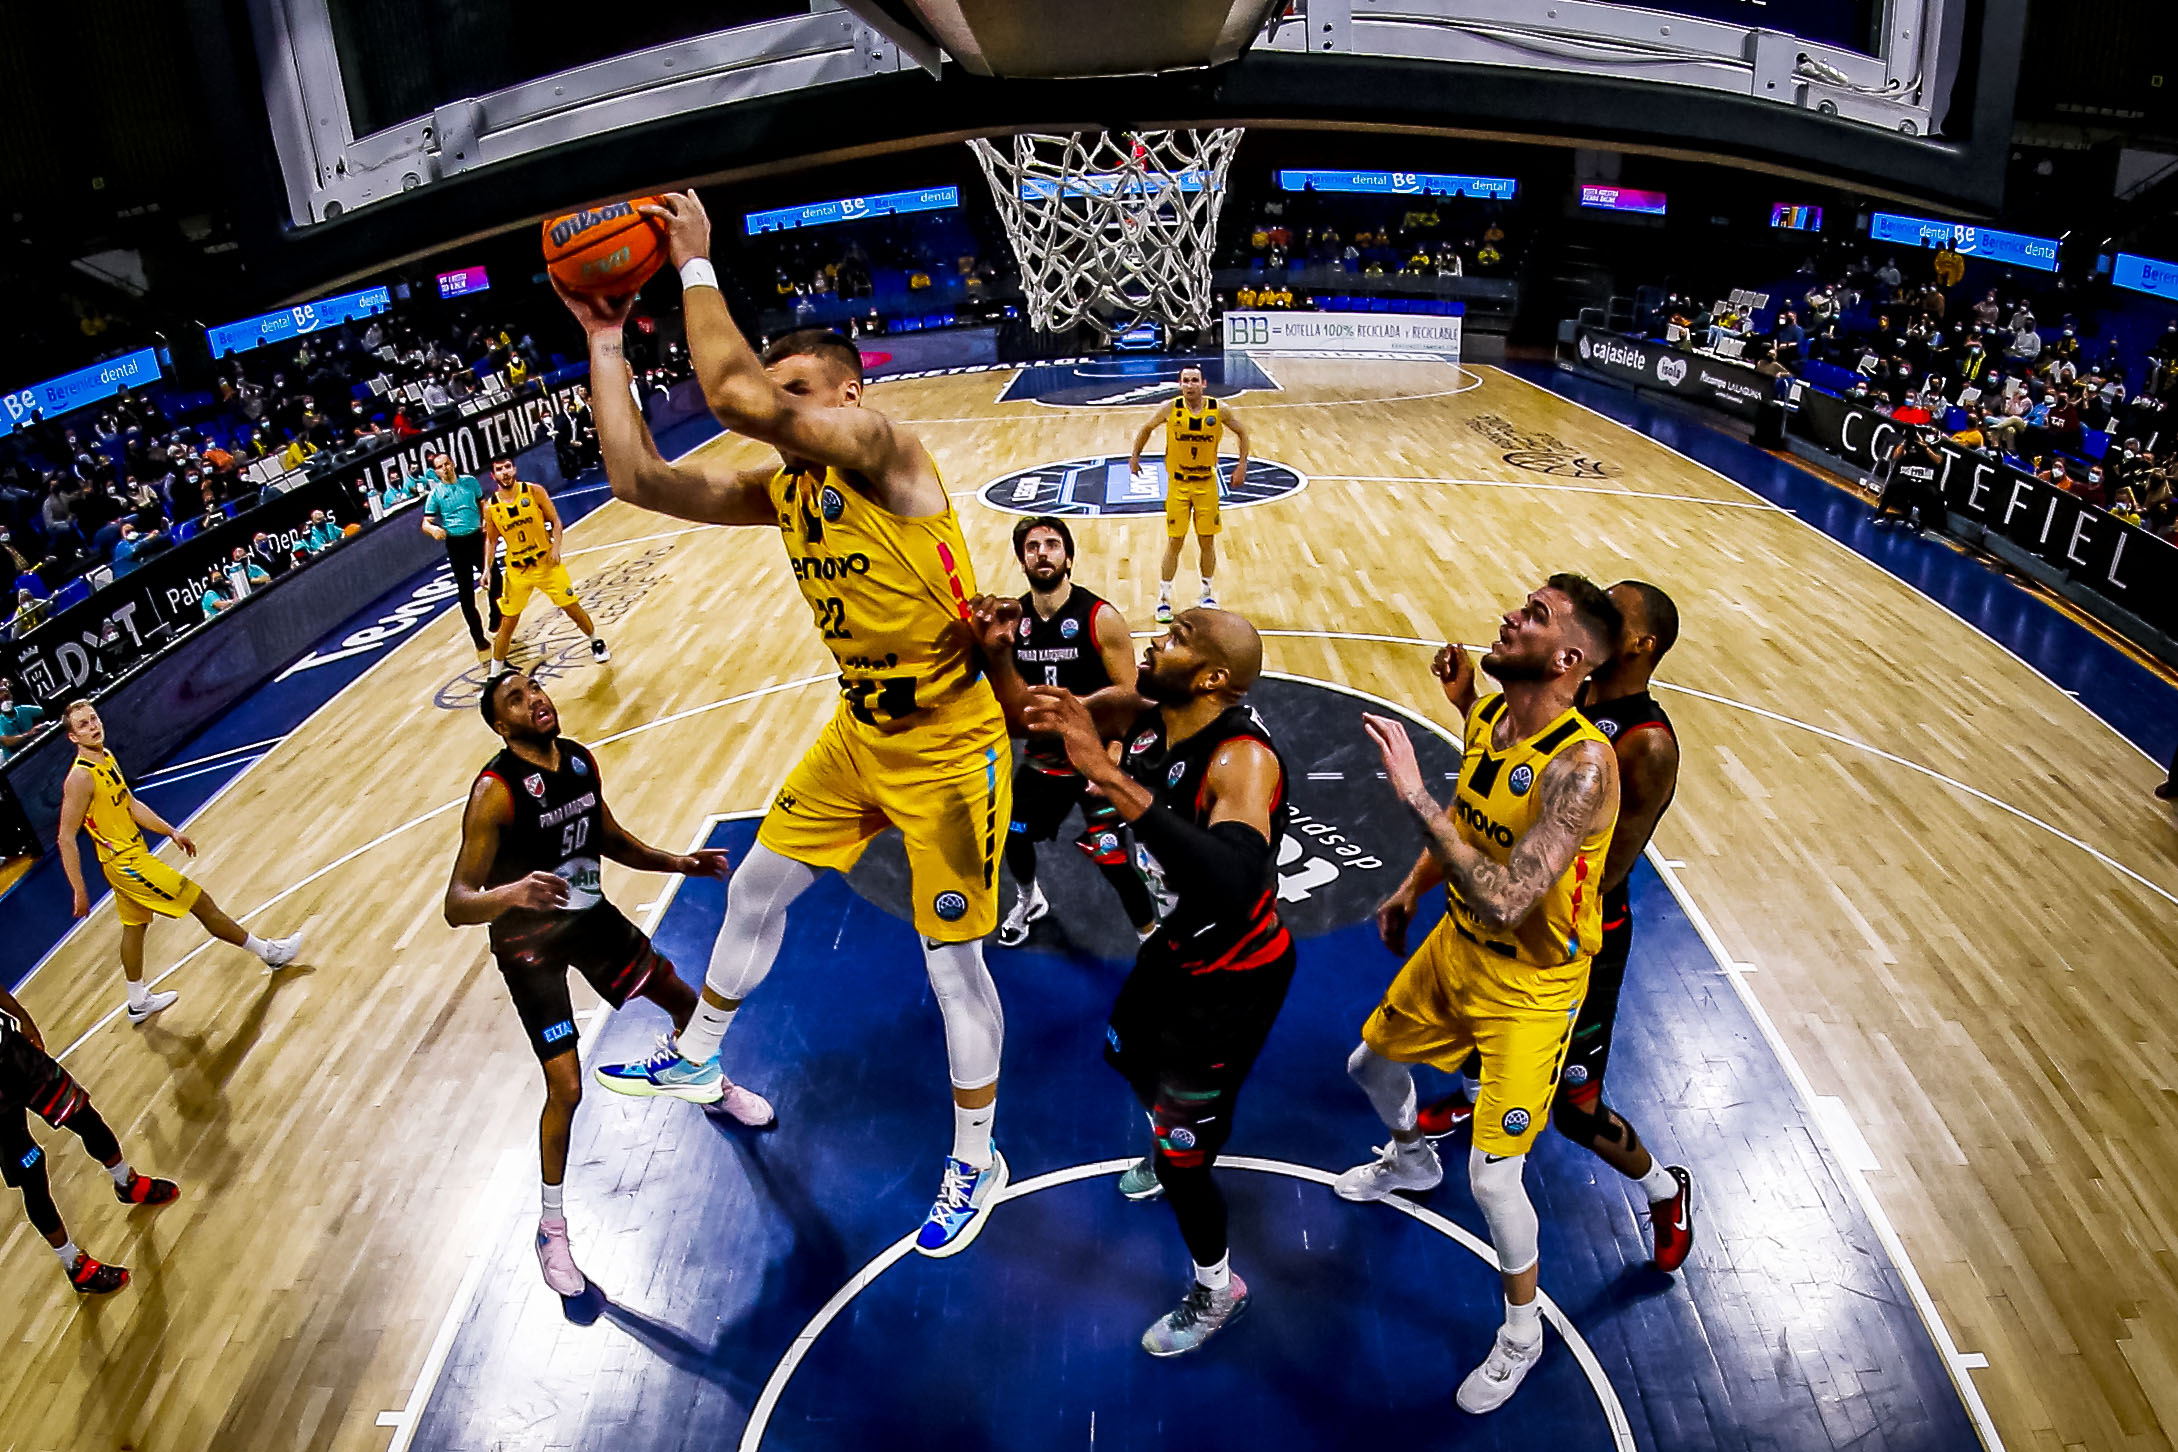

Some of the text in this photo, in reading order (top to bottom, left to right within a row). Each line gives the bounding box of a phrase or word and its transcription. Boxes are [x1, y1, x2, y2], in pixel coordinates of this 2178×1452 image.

[1391, 172, 1417, 187] Be
[802, 204, 837, 218] dental
[840, 197, 866, 215] Be
[920, 190, 954, 202] dental
[550, 201, 634, 248] Wilson
[1919, 224, 1950, 240] dental
[1954, 224, 1976, 245] Be
[2025, 242, 2056, 259] denta
[261, 314, 291, 333] dental
[291, 303, 315, 327] Be
[1228, 316, 1270, 345] BB
[1285, 323, 1321, 338] BOTELLA
[1323, 323, 1355, 338] 100%
[1357, 324, 1401, 339] RECICLADA
[1411, 325, 1458, 342] RECICLABLE
[1592, 341, 1646, 371] cajasiete
[3, 358, 139, 420] Be Berenice dental
[1174, 431, 1215, 443] Lenovo
[1190, 446, 1199, 461] 9
[1841, 411, 2129, 590] COTEFIEL
[502, 516, 533, 532] Lenovo
[518, 530, 526, 542] 0
[790, 552, 871, 581] enovo
[815, 596, 853, 639] 22
[560, 816, 590, 858] 50

_____

• ABOUT THIS TASK
Without including any pictures, reproduce the listing exactly.

• RESULT
Some of the text in this photo, in reading order (top to bottom, left to right within a row). Each line gives the bounding box of a phrase or word and its transcription. Boxes are [x1, y1, x2, y2], in pixel coordinates of this 2178×1452 image.

[1391, 172, 1417, 187] Be
[802, 204, 837, 218] dental
[840, 197, 866, 215] Be
[920, 190, 954, 202] dental
[550, 201, 634, 248] Wilson
[1919, 224, 1950, 240] dental
[1954, 224, 1976, 245] Be
[2025, 242, 2056, 259] denta
[261, 314, 291, 333] dental
[291, 303, 315, 327] Be
[1228, 316, 1270, 345] BB
[1285, 323, 1321, 338] BOTELLA
[1323, 323, 1355, 338] 100%
[1357, 324, 1401, 339] RECICLADA
[1411, 325, 1458, 342] RECICLABLE
[1592, 341, 1646, 371] cajasiete
[3, 358, 139, 420] Be Berenice dental
[1174, 431, 1215, 443] Lenovo
[1190, 446, 1199, 461] 9
[1841, 411, 2129, 590] COTEFIEL
[502, 516, 533, 532] Lenovo
[518, 530, 526, 542] 0
[790, 552, 871, 581] enovo
[815, 596, 853, 639] 22
[560, 816, 590, 858] 50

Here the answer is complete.